Joe’s father, Adrian, currently was nowhere to be found. It wasn’t because he was an absentee father, or avoiding the happenings of Joe’s birth, but rather because he was completely overwhelmed. So instead, he passed out candy cigars to strangers on the street. There was a certain beauty in such a basic interaction: here have a cigar made from candy, and you will never have to see me again. Much less beautiful was that right before Adrian passed out a cigar, he had to push his inexpensive glasses back up against the bridge of his nose, even more than he usually did. Sweat will do that.

Millie wasn’t concerned with Adrian’s disappearance. She knew he was odd, unable to properly read social cues, logical, inflexible, and miserably anxious most of the time. He was a freak, but he was her freak. His parents had died in a car accident when he was twelve, and because of this, she knew, he would never leave her. He’d even said, when we go, we must go at the same time.

Millie knew her husband was the kind of person who would simmer in an emotion until the affect dissipated, almost the way that the horn of an approaching train builds in sound, peaks into a crescendo, and then disappears into thin air. It was like a bell curve, and Adrian, like all good accountants, understood how measurements ebbed and flowed. During Millie’s pregnancy, he had earned her trust about being a hands-on parent, something that his foster care placements had tended to be clueless about.

Meanwhile, Joe, at this point, was making no sound at all. He is going to be a good baby, Millie thought, he is going to be no trouble at all. The nursing staff was very troubled though.
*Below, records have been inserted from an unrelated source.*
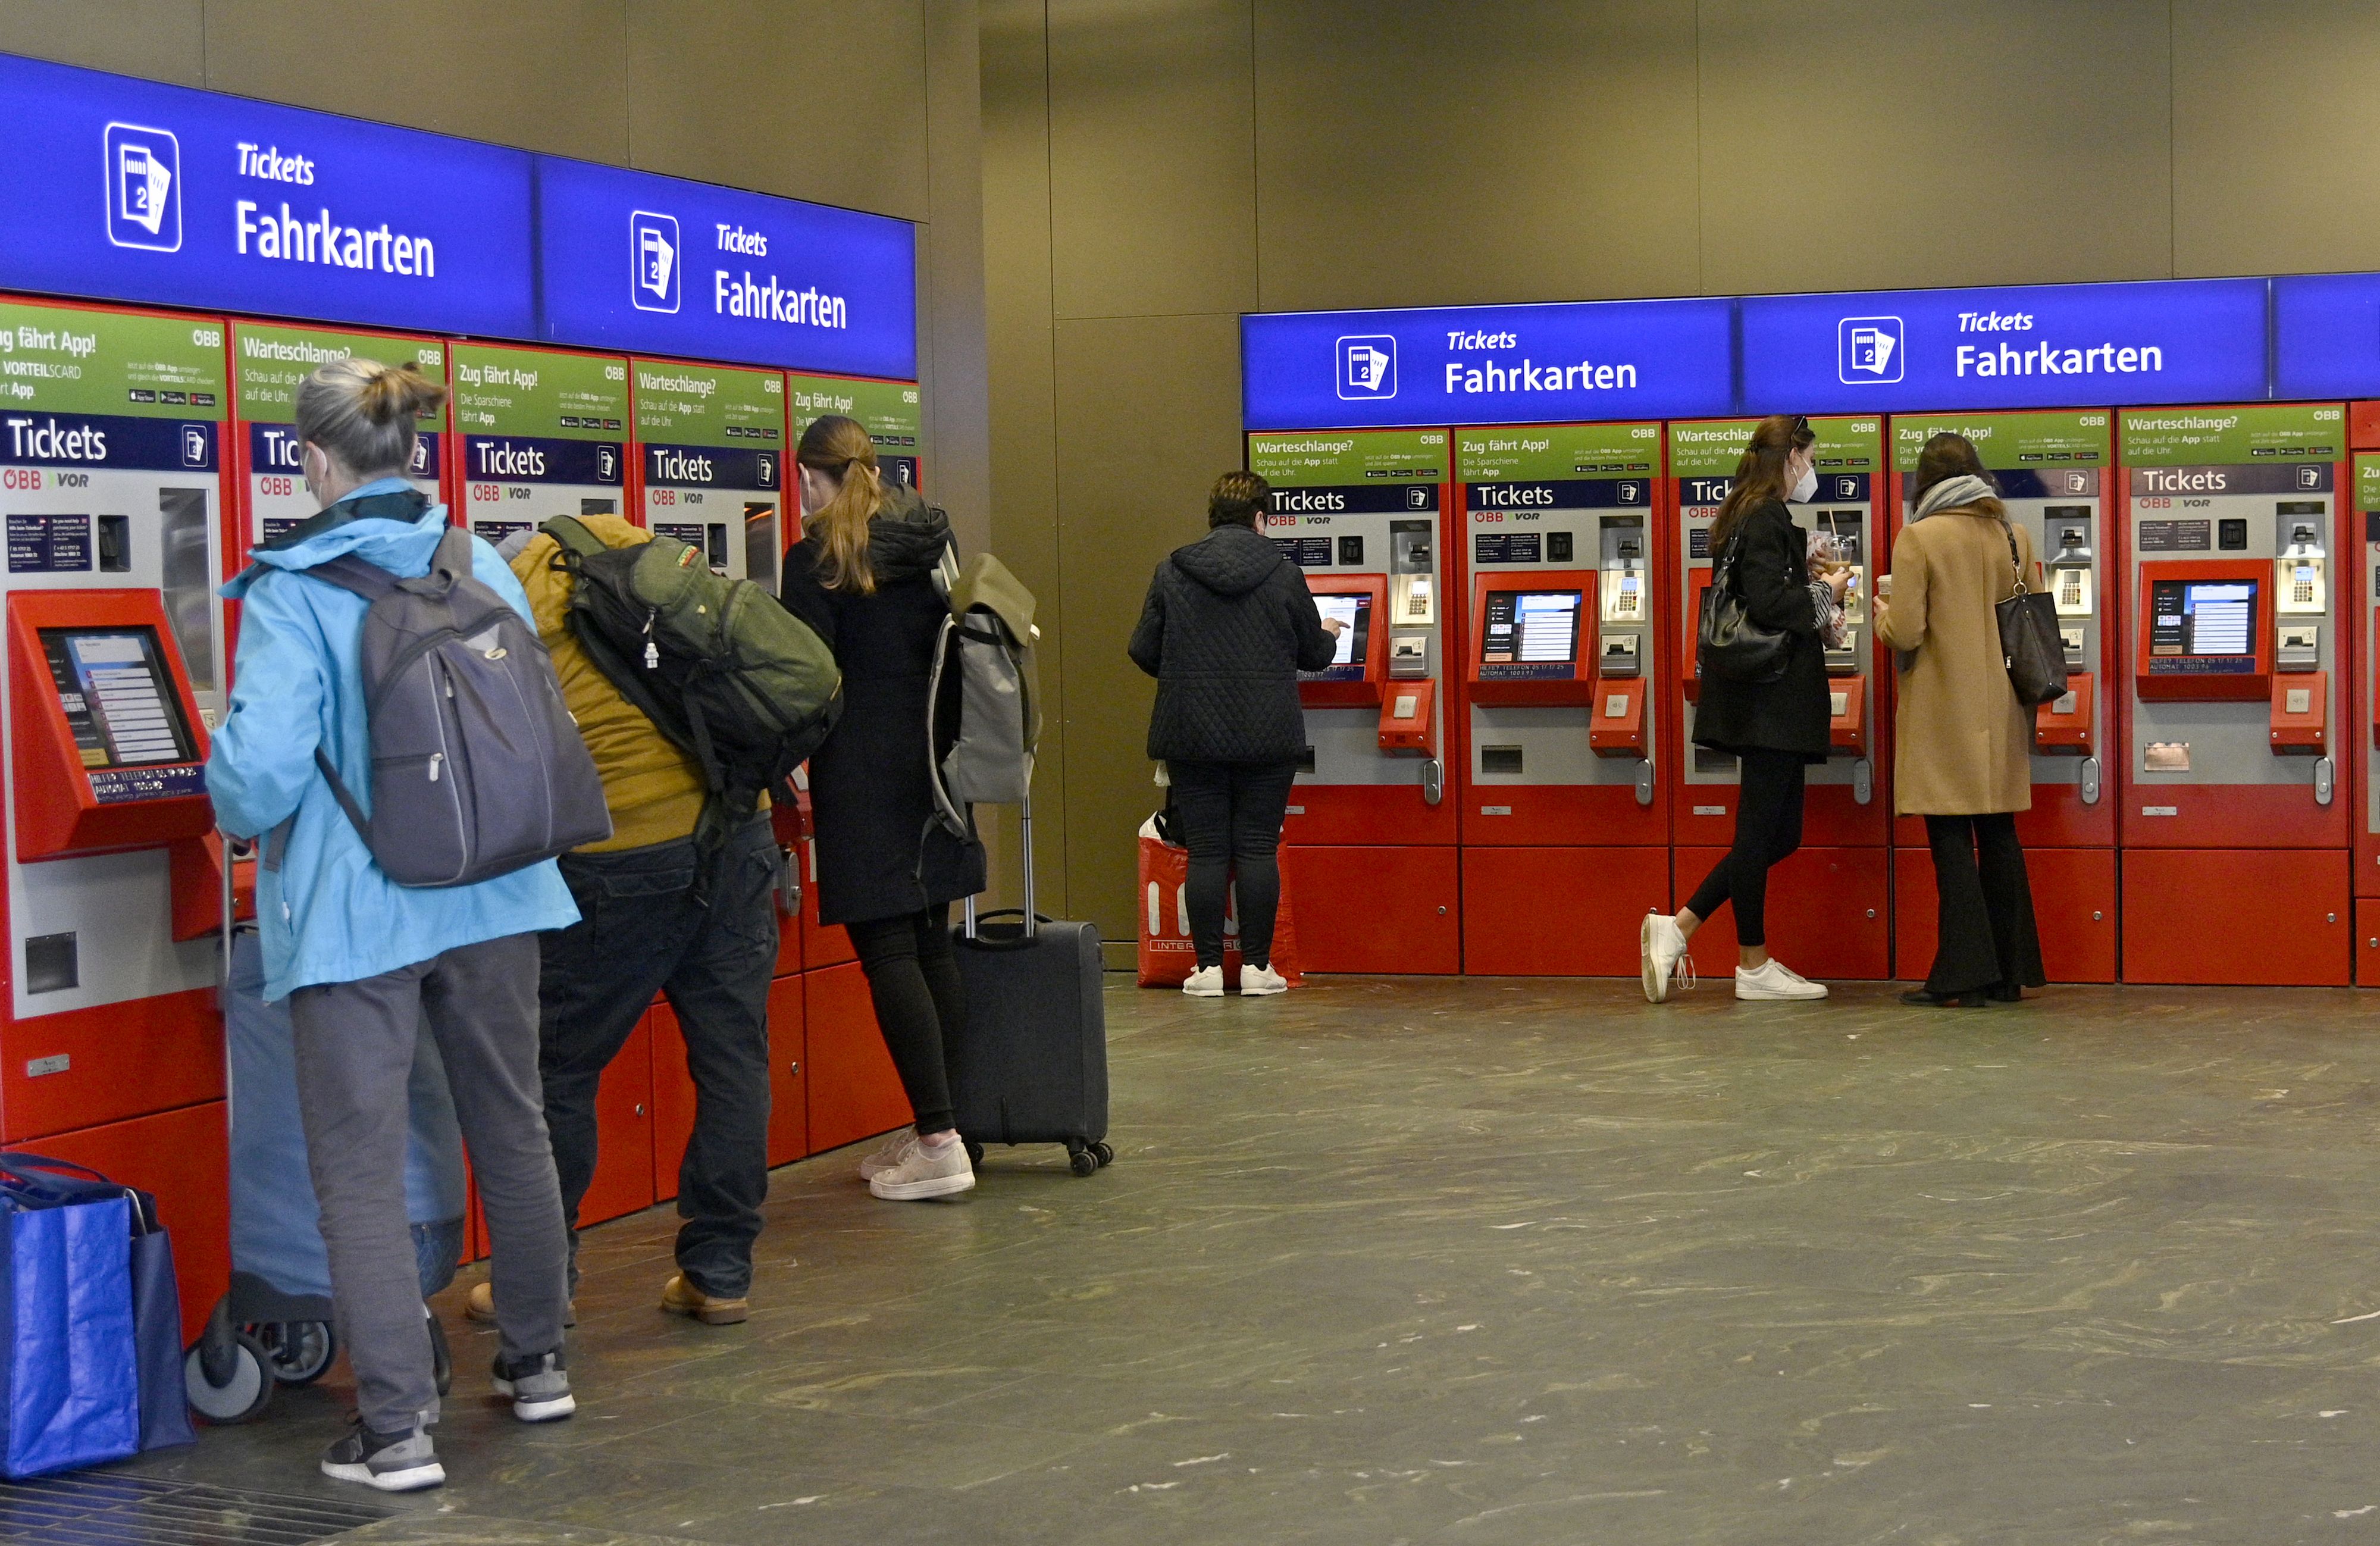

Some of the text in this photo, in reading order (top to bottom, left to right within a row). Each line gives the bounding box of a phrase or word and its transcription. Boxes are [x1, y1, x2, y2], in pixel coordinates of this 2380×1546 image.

[237, 142, 315, 186] Tickets
[237, 201, 435, 278] Fahrkarten
[716, 224, 767, 256] Tickets
[716, 270, 846, 329] Fahrkarten
[1958, 311, 2033, 333] Tickets
[18, 326, 57, 350] fährt
[61, 331, 96, 358] App!
[193, 329, 221, 347] ÖBB
[1447, 329, 1517, 350] Tickets
[418, 349, 441, 366] ÖBB
[1956, 340, 2162, 377] Fahrkarten
[4, 361, 82, 379] VORTEILSCARD
[245, 368, 268, 383] Schau
[270, 370, 283, 383] auf
[284, 371, 296, 385] die
[459, 364, 538, 390] Zug fährt App!
[605, 365, 625, 381] ÖBB
[1446, 359, 1636, 394] Fahrkarten
[639, 372, 716, 399] Warteschlange?
[764, 378, 781, 393] ÖBB
[245, 389, 290, 403] auf die Uhr.
[461, 393, 512, 409] Die Sparschiene
[795, 392, 853, 414] Zug fährt App!
[640, 398, 706, 415] Schau auf die App statt
[461, 411, 478, 423] fährt
[641, 415, 650, 426] auf
[651, 415, 660, 427] die
[796, 416, 804, 427] Die
[2080, 417, 2105, 427] ÖBB
[2313, 410, 2340, 420] ÖBB
[1851, 423, 1876, 433] ÖBB
[2128, 416, 2238, 431] Warteschlange?
[8, 418, 107, 461] Tickets
[1420, 435, 1443, 445] ÖBB
[1631, 428, 1656, 439] ÖBB
[1899, 428, 1923, 442] Zug
[1962, 427, 1992, 440] App!
[2128, 434, 2220, 446] Schau auf die App statt
[1256, 440, 1354, 455] Warteschlange?
[1463, 439, 1549, 455] Zug fährt App!
[1700, 447, 1712, 455] auf
[1714, 447, 1726, 455] die
[1727, 446, 1745, 456] App
[1900, 446, 1912, 455] Die
[2128, 446, 2172, 456] auf die Uhr.
[476, 441, 546, 476] Tickets
[653, 449, 714, 482] Tickets
[1256, 458, 1277, 467] Schau
[1279, 458, 1290, 467] auf
[1292, 458, 1302, 467] die
[1304, 458, 1321, 468] App
[1463, 457, 1519, 467] Die Sparschiene
[1690, 458, 1702, 466] die
[1703, 458, 1719, 466] Uhr.
[1900, 457, 1918, 465] fährt
[4, 469, 42, 490] ÖBB
[1270, 468, 1280, 477] die
[1282, 468, 1296, 477] Uhr.
[1463, 468, 1480, 476] fährt
[57, 473, 89, 488] VOR
[261, 477, 292, 496] ÖBB
[2143, 470, 2226, 491] Tickets
[473, 484, 500, 502] ÖBB
[509, 487, 531, 500] VOR
[1477, 484, 1554, 506] Tickets
[1691, 480, 1734, 502] Tick
[2363, 485, 2377, 493] Die
[652, 489, 675, 506] ÖBB
[684, 492, 703, 505] VOR
[1271, 490, 1345, 511] Tickets
[2140, 497, 2171, 509] ÖBB
[2183, 499, 2210, 508] VOR
[2363, 496, 2380, 505] fähr
[1475, 512, 1504, 522] ÖBB
[1515, 512, 1540, 521] VOR
[1689, 507, 1718, 518] ÖBB
[1269, 515, 1296, 526] ÖBB
[1307, 517, 1331, 525] VOR
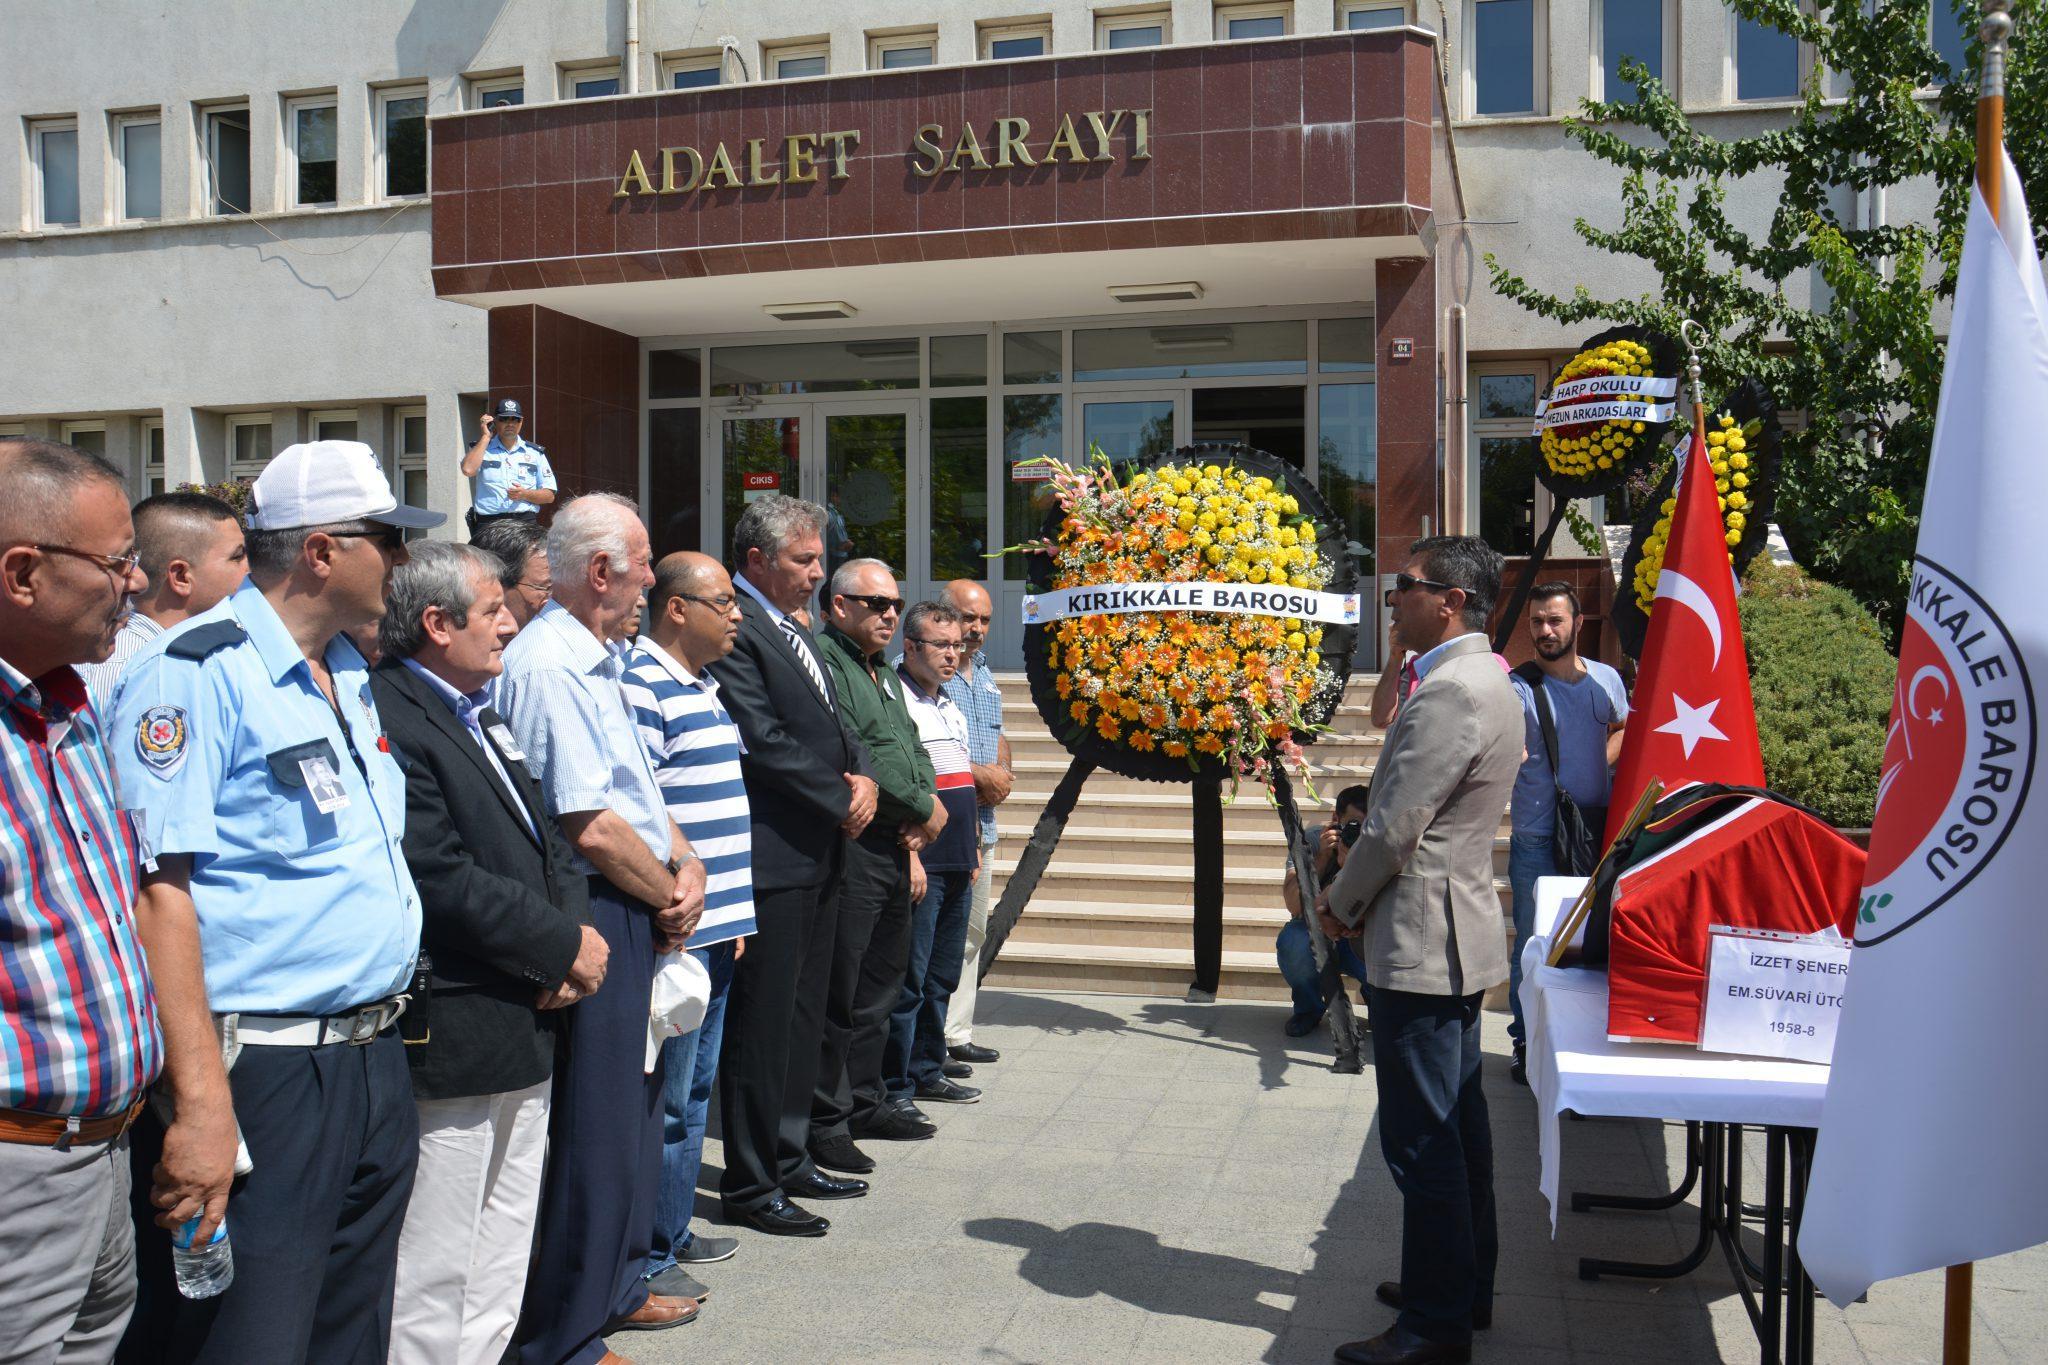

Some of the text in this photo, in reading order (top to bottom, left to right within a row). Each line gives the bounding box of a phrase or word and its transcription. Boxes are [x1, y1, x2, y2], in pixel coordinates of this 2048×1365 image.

Isn’t he a darling?” was all they’d say, before moving on to the next patient in the maternity ward, where their babies were all said to be beautiful, gorgeous, and handsome. There were other darlings too, all within Millie’s earshot, because no matter how unique a baby is, there are only so many adjectives one could think up during a twelve hour shift. Out of Millie’s hearing, the words, possibly brain damaged, had been spoken between some of them.

But Millie didn’t know that. She only knew that every baby couldn’t be darling, beautiful, gorgeous, and handsome, just like adults couldn’t all be good things. Even if someone called her beautiful, she would shape the words into the reality of her understanding. She knew she was only just tall enough, or attractive enough, to get by. She knew she blended in. This is why Millie was cynical when it came to compliments. She knew the nurses were just doing their jobs, and Joe wasn’t darling at all. The nurses obviously had to say positive things, the same way car salesmen would trumpet the only outstanding quality of a shitty car. The engine might not feel powerful, but it gets excellent gas mileage. She thought the nurses were trained to be this way, or rather, wouldn’t have jobs if they told the honest truth. Maybe Joe was the opposite of darling, but she thought he was just about perfect anyhow, so what did their opinions matter? All of these thoughts, after just having given birth, exhausted her, and she was asleep immediately after closing her eyes, and then immediately after she was assigned a hospital room.